Depending on who you talk to, AI will either save us or end us. Axios recently compared it to the advent of electricity, which changed everything including the very streets we walked. It had some inherent dangers (you could electrocute yourself, for starters), and was therefore highly regulated.
AI is one of our fastest-growing client segments at Inkhouse. We work with companies that imagine a brighter future powered by AI. They include investors like Eclipse, and leaders helping companies deploy AI, from data management to providing the models themselves (congratulations to Databricks on its acquisition of Tabular!).
There are also those solving big business problems using AI like Deep Instinct which is preventing malware attacks. Dialpad uses AI for customer intelligence, Robin AI tackles legal contracts, and Borderless AI is making it easier to manage global teams. We also work with companies tackling AI’s massive energy demands, such as Anza Renewables and Peak Energy, both of which are helping to accelerate the adoption of renewable energy plus storage at grid scale.
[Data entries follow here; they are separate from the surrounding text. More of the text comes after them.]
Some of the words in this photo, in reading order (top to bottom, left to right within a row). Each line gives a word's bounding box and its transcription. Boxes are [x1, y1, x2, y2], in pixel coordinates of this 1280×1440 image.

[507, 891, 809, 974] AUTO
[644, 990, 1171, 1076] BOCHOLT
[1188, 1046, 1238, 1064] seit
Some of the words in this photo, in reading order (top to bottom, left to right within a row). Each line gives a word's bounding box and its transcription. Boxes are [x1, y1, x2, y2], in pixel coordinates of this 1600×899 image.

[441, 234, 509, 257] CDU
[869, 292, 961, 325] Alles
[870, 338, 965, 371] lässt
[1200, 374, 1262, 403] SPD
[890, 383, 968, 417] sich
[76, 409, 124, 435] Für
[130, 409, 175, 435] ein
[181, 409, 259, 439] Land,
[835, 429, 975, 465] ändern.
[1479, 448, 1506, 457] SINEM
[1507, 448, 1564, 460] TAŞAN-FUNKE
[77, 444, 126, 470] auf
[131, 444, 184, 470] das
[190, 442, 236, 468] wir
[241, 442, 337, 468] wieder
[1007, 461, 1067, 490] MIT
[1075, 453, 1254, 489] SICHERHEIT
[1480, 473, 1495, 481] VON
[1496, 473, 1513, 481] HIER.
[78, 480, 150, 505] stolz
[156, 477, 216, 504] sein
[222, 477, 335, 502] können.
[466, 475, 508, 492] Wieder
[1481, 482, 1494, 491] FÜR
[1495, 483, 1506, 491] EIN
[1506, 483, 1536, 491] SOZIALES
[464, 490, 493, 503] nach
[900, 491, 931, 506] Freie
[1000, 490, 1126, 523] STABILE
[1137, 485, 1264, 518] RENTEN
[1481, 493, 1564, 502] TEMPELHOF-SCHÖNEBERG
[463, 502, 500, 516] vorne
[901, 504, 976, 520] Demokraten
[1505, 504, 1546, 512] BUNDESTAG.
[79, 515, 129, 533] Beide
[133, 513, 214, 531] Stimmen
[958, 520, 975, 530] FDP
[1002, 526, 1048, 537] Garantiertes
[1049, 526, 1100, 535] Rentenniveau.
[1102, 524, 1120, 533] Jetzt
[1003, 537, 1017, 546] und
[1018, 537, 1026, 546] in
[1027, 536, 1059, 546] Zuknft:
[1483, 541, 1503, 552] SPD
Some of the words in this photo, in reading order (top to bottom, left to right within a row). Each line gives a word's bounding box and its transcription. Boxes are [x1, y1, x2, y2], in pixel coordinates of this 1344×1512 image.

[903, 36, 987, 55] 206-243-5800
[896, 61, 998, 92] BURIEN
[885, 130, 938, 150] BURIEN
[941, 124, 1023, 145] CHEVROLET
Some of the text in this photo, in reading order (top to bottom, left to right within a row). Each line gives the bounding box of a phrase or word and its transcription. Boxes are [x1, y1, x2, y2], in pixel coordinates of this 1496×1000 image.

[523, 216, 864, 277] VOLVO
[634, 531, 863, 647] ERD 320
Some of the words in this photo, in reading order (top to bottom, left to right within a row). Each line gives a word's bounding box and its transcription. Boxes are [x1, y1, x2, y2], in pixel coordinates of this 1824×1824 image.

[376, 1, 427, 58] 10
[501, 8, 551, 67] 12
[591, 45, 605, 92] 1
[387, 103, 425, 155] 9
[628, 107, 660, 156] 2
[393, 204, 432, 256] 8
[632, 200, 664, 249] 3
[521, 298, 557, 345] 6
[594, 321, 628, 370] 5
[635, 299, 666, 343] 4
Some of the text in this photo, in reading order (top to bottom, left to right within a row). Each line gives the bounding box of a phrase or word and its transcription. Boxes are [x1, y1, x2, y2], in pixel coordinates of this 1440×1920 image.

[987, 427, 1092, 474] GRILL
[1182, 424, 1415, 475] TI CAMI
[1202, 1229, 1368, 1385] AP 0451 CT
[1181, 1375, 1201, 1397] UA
Like electricity, AI is facing massive regulation. Our Orchestra public affairs partner, Glen Echo Group, recently published their State of AI Regulation update. And our content partner Message Lab has its eyes on what AI will mean for search engine optimization—the home page and owned channels like newsletters will become critical as search moves away from reading content like, well, a machine.
AI storytelling is a unique challenge—it’s like telling the story of the Internet. The AI-washing is well underway. And fear cycles about privacy, security breaches, and energy abound. The more concrete the vision and the more rooted it is in real-world examples, the better. The winners are the ones who are making it responsible and real, anticipating the objections to AI and messaging them head-on. This is the stuff we live for.
Watch Inkhouse’s Managing Director Dan O’Mahony join Katie Barr, EVP & COO of Glen Echo and Ben Worthen (if you’re a PR pro you might have pitched him while he was at the WSJ), CEO of Message Lab, talk about the AI trends they are seeing across communications, public affairs and regulations, as well as content marketing.
Check out their video.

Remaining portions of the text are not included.